Problem to work on>
Lines that contain "lemon" are to be copied from the material, every one of them.

+ + + + +

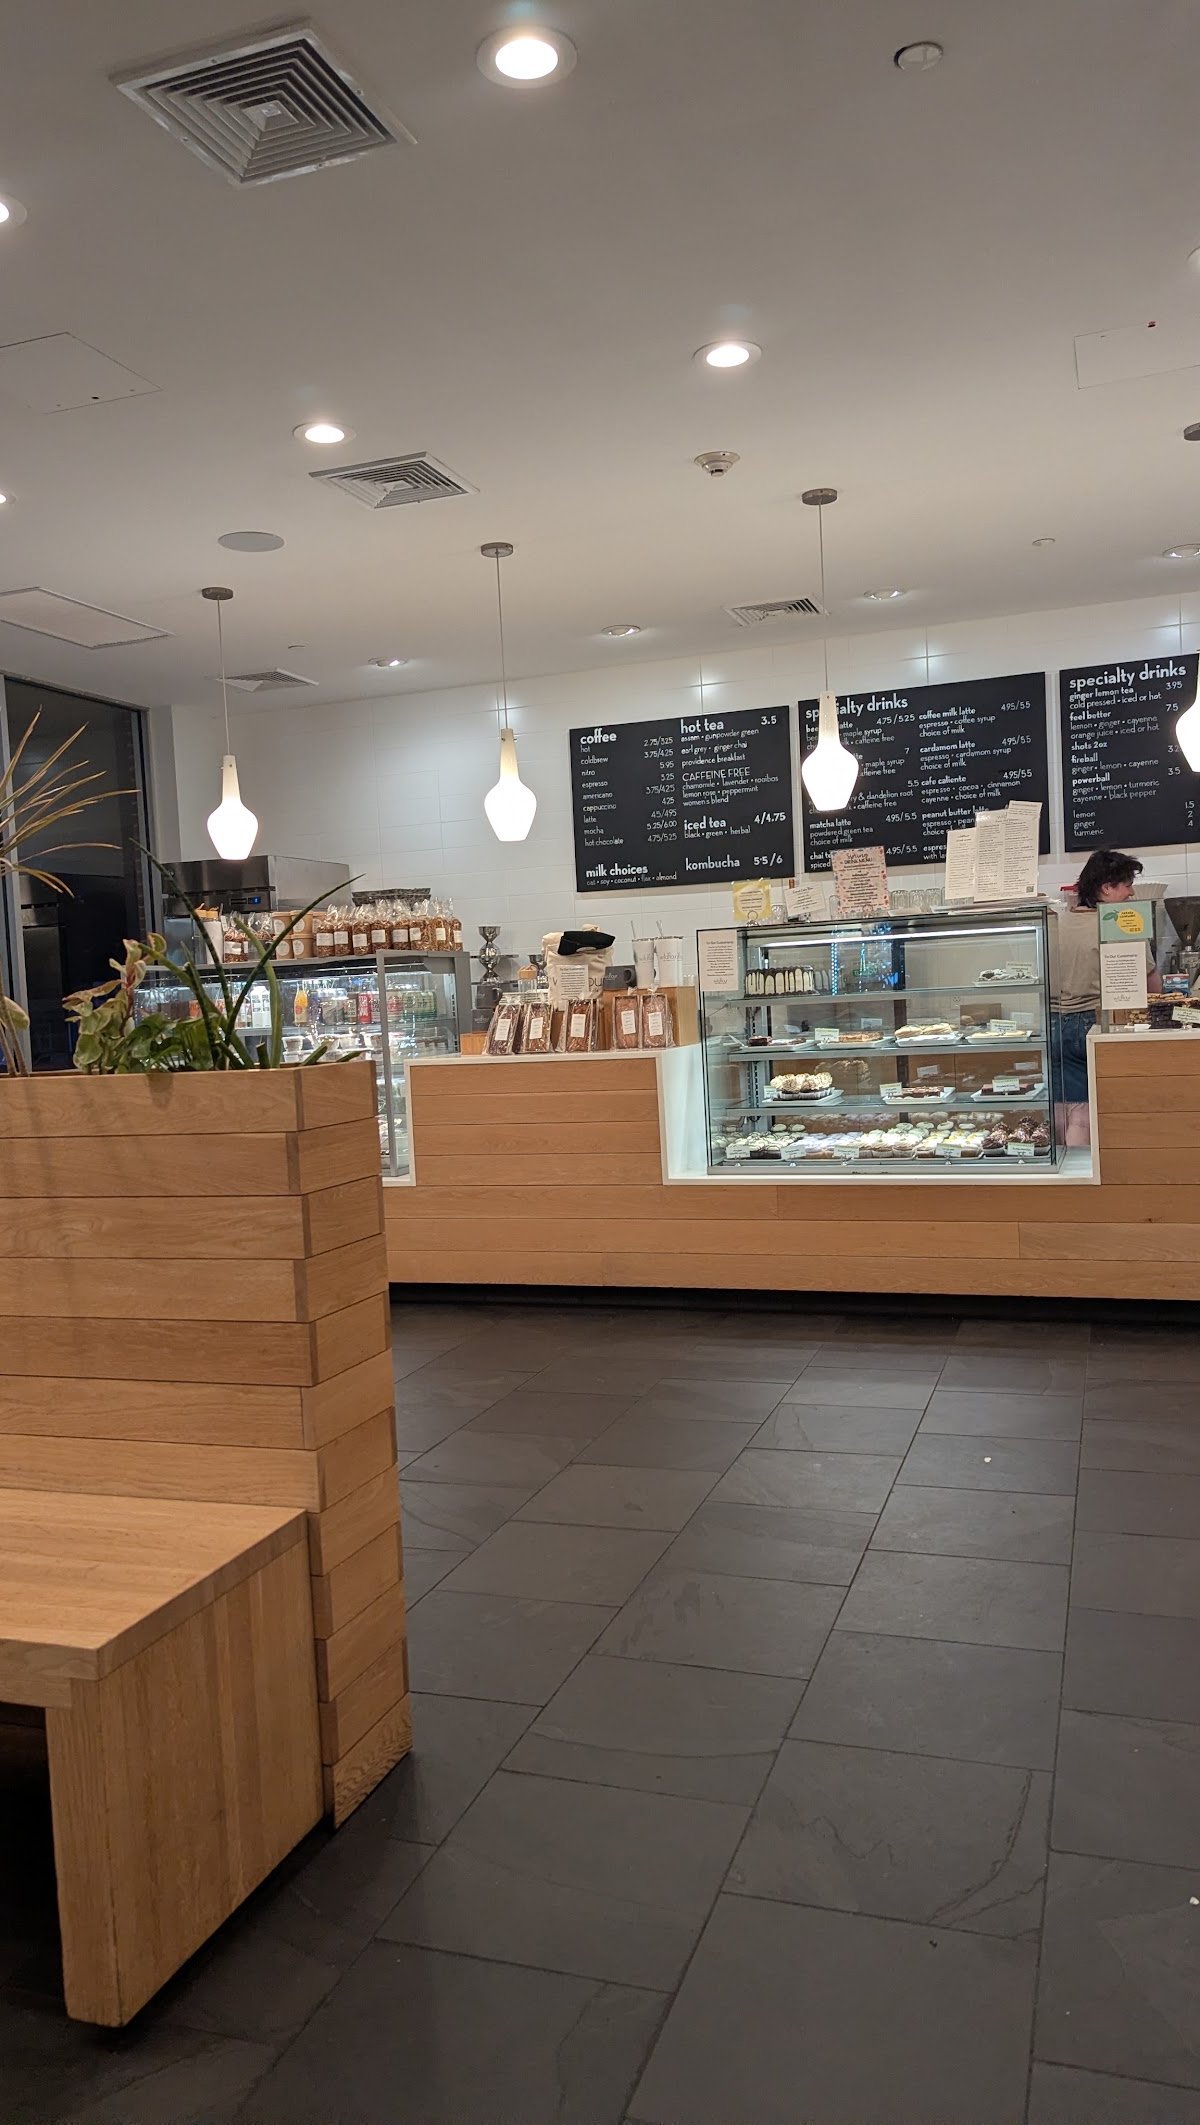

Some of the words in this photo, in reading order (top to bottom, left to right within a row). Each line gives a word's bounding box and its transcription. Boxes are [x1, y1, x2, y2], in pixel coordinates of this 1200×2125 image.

[1070, 666, 1135, 692] specialty
[1139, 660, 1186, 680] drinks
[1069, 692, 1093, 702] ginger
[1095, 689, 1119, 697] lemon
[1069, 699, 1085, 709] cold
[1087, 697, 1116, 709] pressed
[1122, 693, 1137, 703] iced
[1149, 691, 1162, 700] hot
[867, 694, 908, 711] drinks
[919, 711, 941, 720] coffee
[942, 708, 957, 717] milk
[959, 707, 976, 715] latte
[1069, 712, 1085, 721] feel
[1086, 711, 1111, 719] better
[761, 715, 776, 725] 3.5
[919, 721, 949, 730] espresso
[954, 716, 975, 724] coffee
[1070, 722, 1093, 730] lemon
[1098, 720, 1120, 729] ginger
[1127, 716, 1157, 726] cayenne
[681, 719, 701, 734] hot
[704, 718, 724, 731] tea
[942, 727, 950, 735] of
[951, 725, 965, 733] milk
[1070, 732, 1095, 740] orange
[1096, 730, 1113, 739] juice
[1120, 725, 1136, 734] iced
[1147, 723, 1160, 731] hot
[580, 728, 617, 744] coffee
[705, 729, 739, 741] gunpowder
[741, 729, 759, 737] green
[864, 728, 883, 738] syrup
[855, 736, 880, 744] caffeine
[694, 747, 707, 755] grey
[920, 744, 958, 753] cardamom
[1071, 742, 1092, 750] shots
[682, 758, 715, 769] providence
[717, 753, 745, 763] breakfast
[920, 754, 950, 764] espresso
[955, 749, 991, 758] cardamom
[993, 748, 1011, 756] syrup
[1071, 752, 1098, 763] fireball
[865, 758, 885, 770] maple
[887, 759, 905, 767] syrup
[943, 760, 950, 768] of
[952, 759, 966, 767] milk
[1072, 766, 1094, 774] ginger
[1100, 762, 1122, 770] lemon
[1128, 760, 1158, 768] cayenne
[682, 769, 726, 781] CAFFEINE
[728, 767, 750, 777] FREE
[1072, 772, 1110, 787] powerball
[582, 781, 608, 789] espresso
[682, 780, 715, 790] chamomile
[722, 777, 749, 786] lavender
[921, 777, 936, 786] cafe
[938, 775, 966, 784] caliente
[722, 785, 758, 796] peppermint
[921, 787, 950, 796] espresso
[987, 780, 1020, 788] cinnamon
[1072, 787, 1094, 796] ginger
[582, 792, 613, 800] americano
[710, 795, 729, 804] blend
[858, 792, 865, 801] &
[866, 790, 898, 799] dandelion
[921, 796, 949, 804] cayenne
[955, 792, 977, 800] choice
[979, 790, 986, 798] of
[987, 788, 1001, 797] milk
[1072, 795, 1102, 804] cayenne
[1108, 790, 1128, 800] black
[1129, 790, 1156, 799] pepper
[583, 804, 616, 812] cappuccino
[857, 800, 882, 809] caffeine
[884, 799, 897, 807] free
[754, 812, 786, 824] 4/4.75
[922, 810, 947, 821] peanut
[948, 808, 971, 816] butter
[1073, 810, 1095, 818] lemon
[1188, 810, 1193, 818] 2
[684, 817, 706, 831] iced
[709, 817, 726, 828] tea
[810, 819, 835, 829] matcha
[835, 818, 851, 826] latte
[922, 820, 952, 830] espresso
[1074, 821, 1095, 830] ginger
[584, 826, 604, 835] mocha
[684, 830, 701, 838] black
[705, 831, 723, 839] green
[810, 827, 843, 839] powdered
[843, 828, 861, 837] green
[923, 828, 944, 836] choice
[595, 838, 623, 846] chocolate
[810, 837, 831, 846] choice
[832, 836, 839, 844] of
[840, 834, 853, 843] milk
[810, 852, 823, 860] chai
[923, 852, 937, 860] with
[685, 854, 740, 870] kombucha
[810, 860, 831, 870] spiced
[586, 864, 607, 877] milk
[609, 863, 648, 876] choices
[614, 876, 636, 884] coconut
[656, 872, 677, 880] almond

+ + + + +

Answer to this problem>
[1095, 689, 1119, 697] lemon
[1070, 722, 1093, 730] lemon
[1100, 762, 1122, 770] lemon
[1073, 810, 1095, 818] lemon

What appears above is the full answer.